RECORDS PROVIDED:
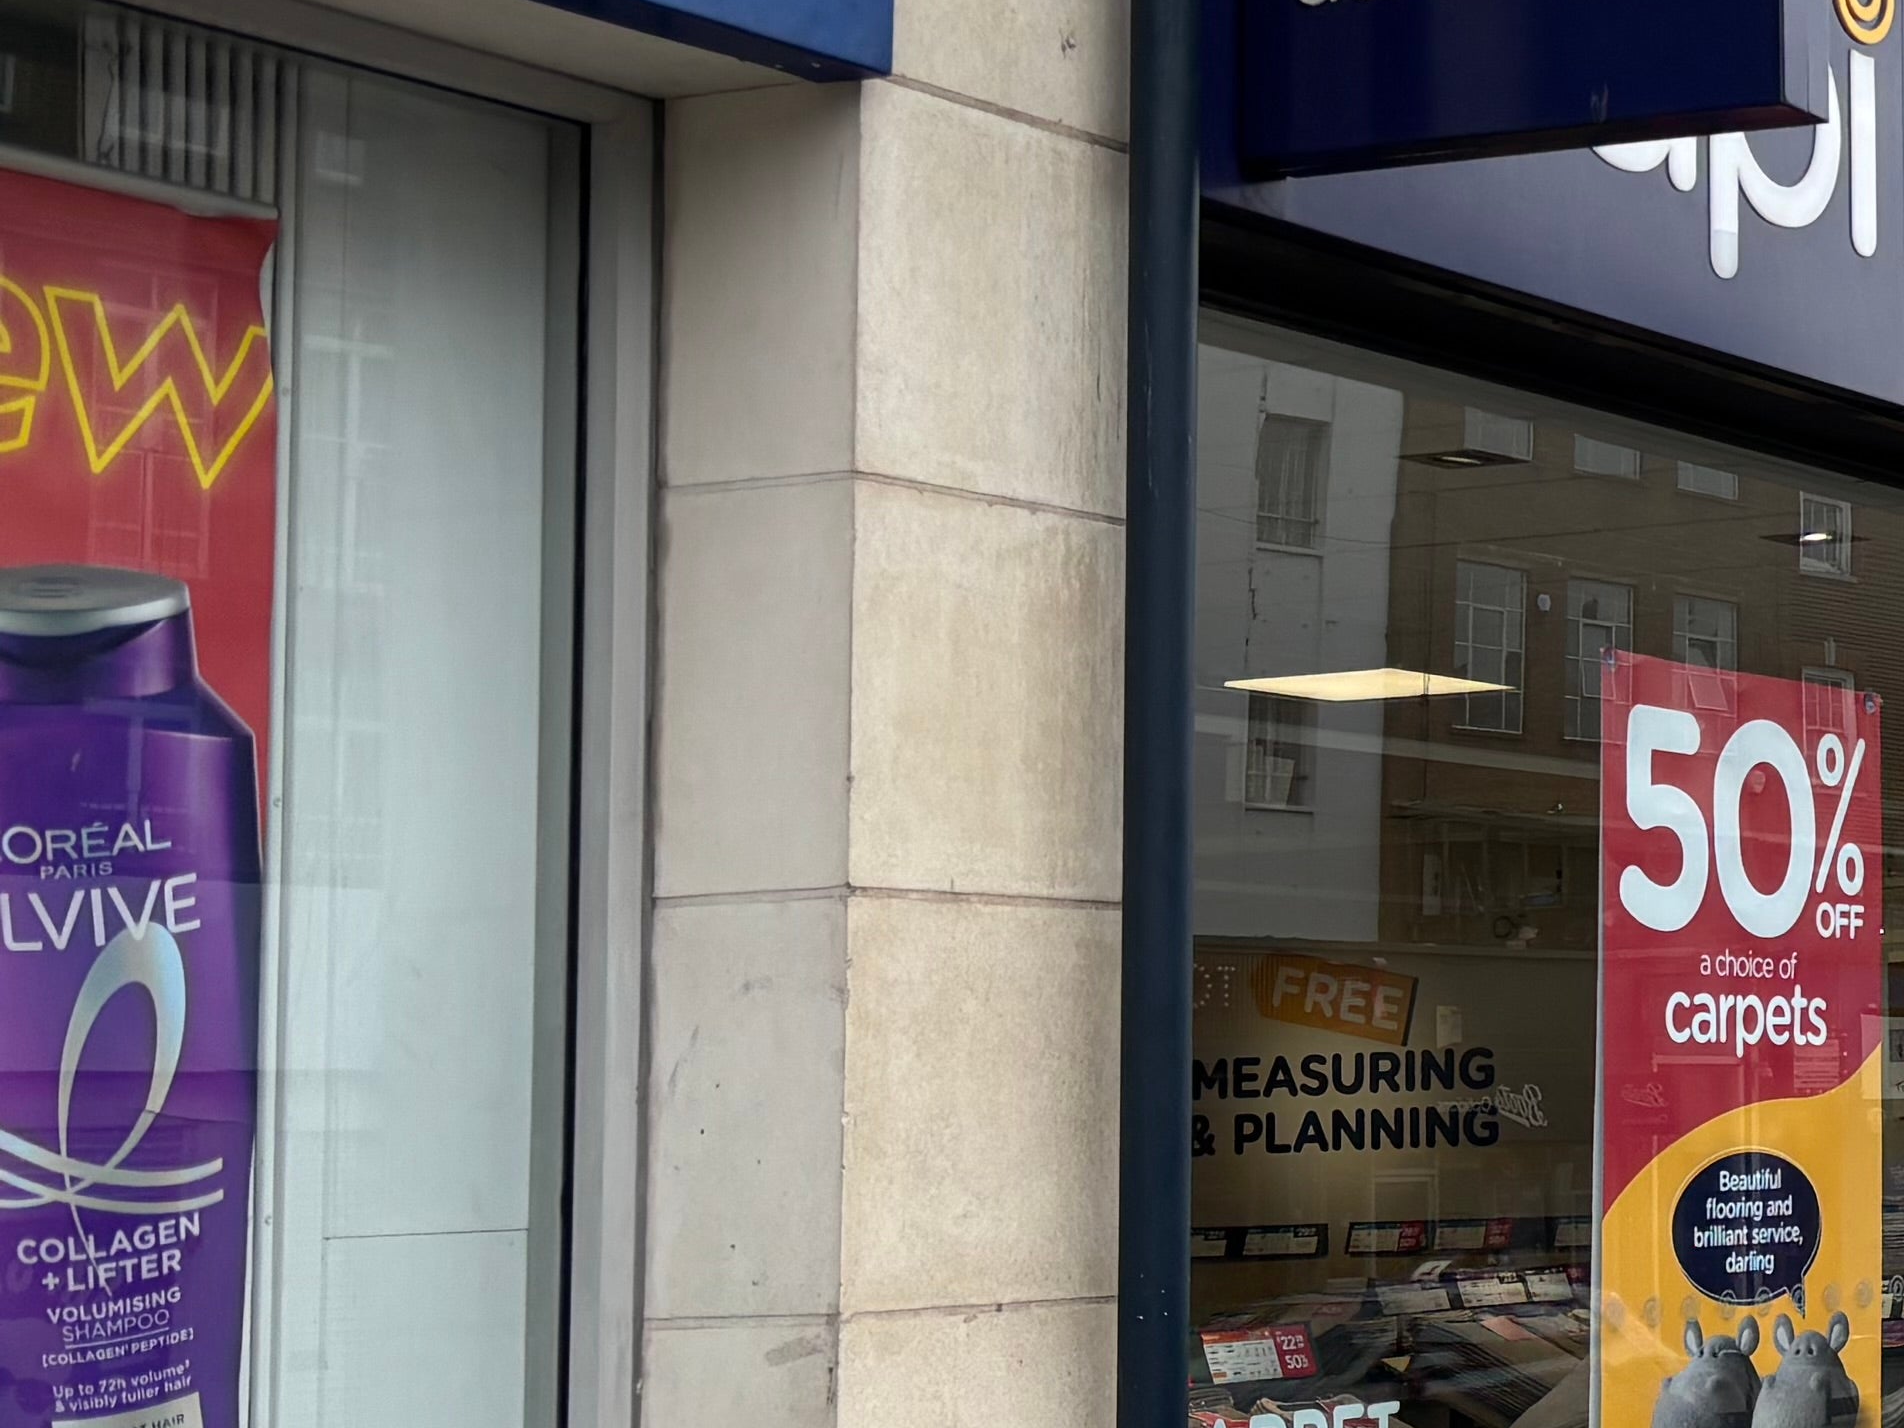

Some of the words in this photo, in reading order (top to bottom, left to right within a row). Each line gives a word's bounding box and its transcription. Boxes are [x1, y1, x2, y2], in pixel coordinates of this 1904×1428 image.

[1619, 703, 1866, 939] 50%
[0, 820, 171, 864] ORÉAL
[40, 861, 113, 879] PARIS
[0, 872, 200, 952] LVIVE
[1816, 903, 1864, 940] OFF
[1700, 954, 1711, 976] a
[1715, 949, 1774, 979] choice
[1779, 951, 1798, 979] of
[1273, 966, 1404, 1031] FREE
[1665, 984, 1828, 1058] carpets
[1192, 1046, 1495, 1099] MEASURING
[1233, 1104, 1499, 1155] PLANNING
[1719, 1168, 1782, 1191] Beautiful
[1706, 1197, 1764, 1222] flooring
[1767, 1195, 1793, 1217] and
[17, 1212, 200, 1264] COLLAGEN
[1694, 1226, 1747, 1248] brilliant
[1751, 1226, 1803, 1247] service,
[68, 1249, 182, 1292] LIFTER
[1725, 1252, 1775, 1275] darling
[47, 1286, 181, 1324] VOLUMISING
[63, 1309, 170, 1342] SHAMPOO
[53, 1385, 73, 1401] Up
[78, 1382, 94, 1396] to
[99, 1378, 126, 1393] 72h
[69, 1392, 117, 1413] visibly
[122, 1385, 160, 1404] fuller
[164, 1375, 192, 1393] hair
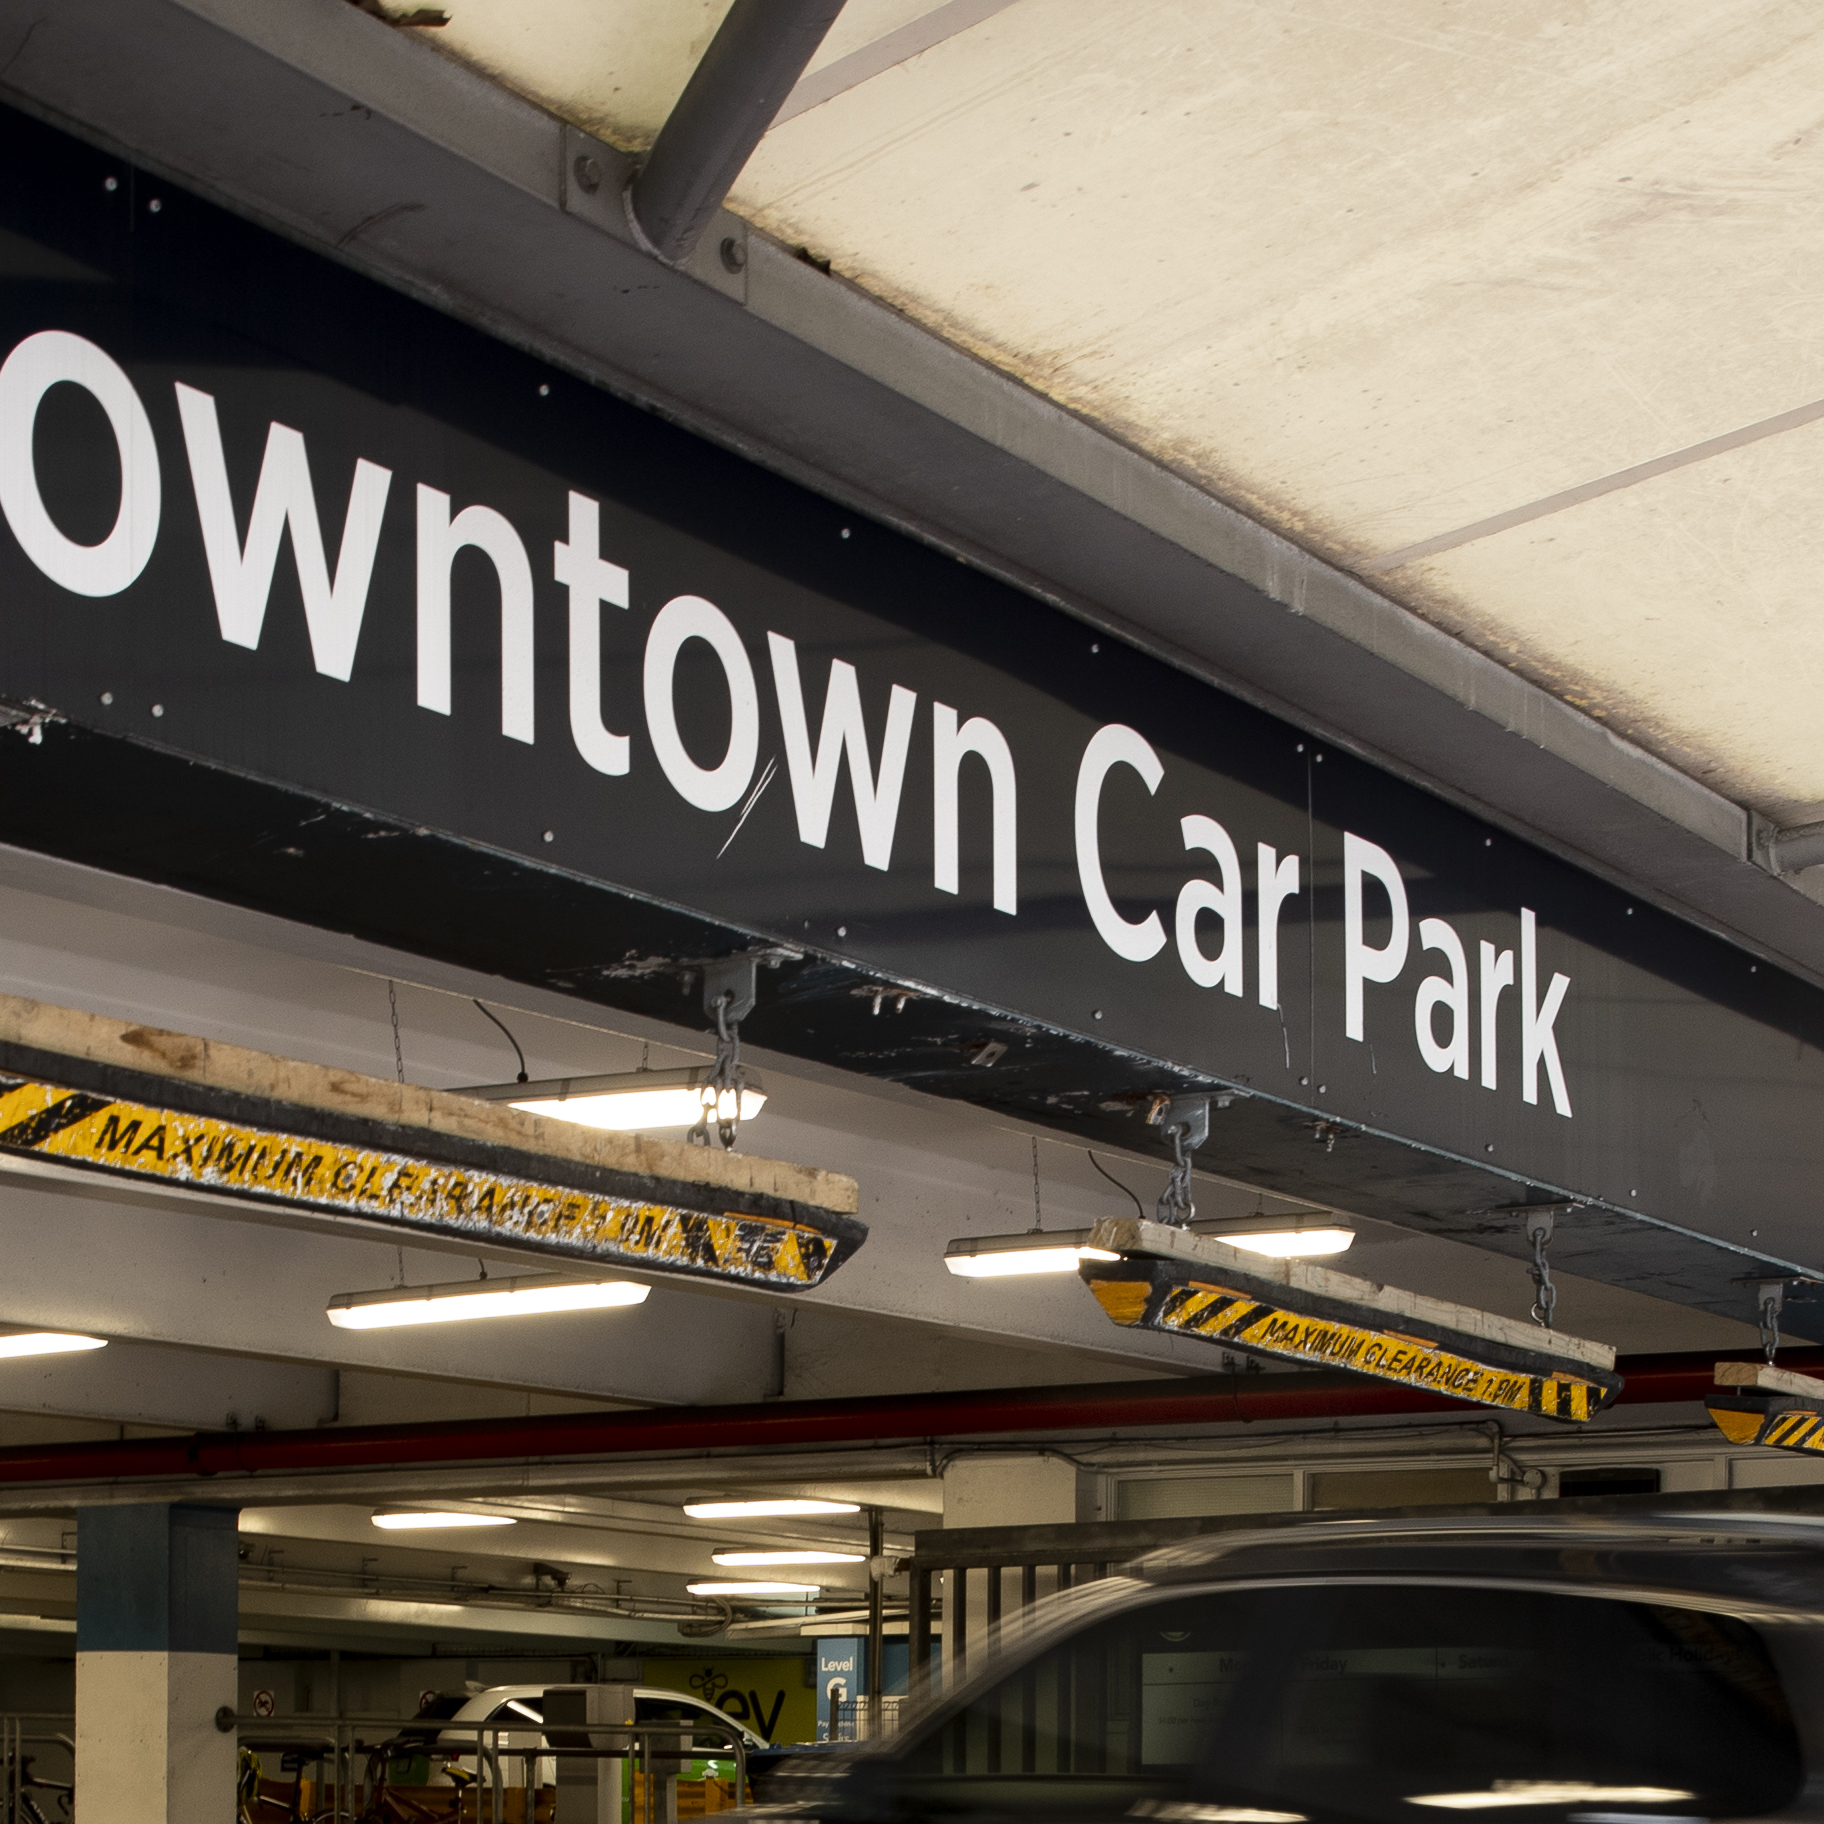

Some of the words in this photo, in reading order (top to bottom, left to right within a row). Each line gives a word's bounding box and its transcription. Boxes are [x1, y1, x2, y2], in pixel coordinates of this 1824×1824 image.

WORK REQUIRED: Pictures aside, restate the entries word for word.

COMPLETED EXERCISE:
Some of the words in this photo, in reading order (top to bottom, left to right within a row). Each line gives a word's bounding box and its transcription. Boxes are [x1, y1, x2, y2], in pixel coordinates of this 1904×1428 image.

[1619, 703, 1866, 939] 50%
[0, 820, 171, 864] ORÉAL
[40, 861, 113, 879] PARIS
[0, 872, 200, 952] LVIVE
[1816, 903, 1864, 940] OFF
[1700, 954, 1711, 976] a
[1715, 949, 1774, 979] choice
[1779, 951, 1798, 979] of
[1273, 966, 1404, 1031] FREE
[1665, 984, 1828, 1058] carpets
[1192, 1046, 1495, 1099] MEASURING
[1233, 1104, 1499, 1155] PLANNING
[1719, 1168, 1782, 1191] Beautiful
[1706, 1197, 1764, 1222] flooring
[1767, 1195, 1793, 1217] and
[17, 1212, 200, 1264] COLLAGEN
[1694, 1226, 1747, 1248] brilliant
[1751, 1226, 1803, 1247] service,
[68, 1249, 182, 1292] LIFTER
[1725, 1252, 1775, 1275] darling
[47, 1286, 181, 1324] VOLUMISING
[63, 1309, 170, 1342] SHAMPOO
[53, 1385, 73, 1401] Up
[78, 1382, 94, 1396] to
[99, 1378, 126, 1393] 72h
[69, 1392, 117, 1413] visibly
[122, 1385, 160, 1404] fuller
[164, 1375, 192, 1393] hair

Some of the words in this photo, in reading order (top to bottom, left to right within a row). Each line gives a word's bounding box and its transcription. Boxes are [x1, y1, x2, y2], in pixel coordinates of this 1824×1824 image.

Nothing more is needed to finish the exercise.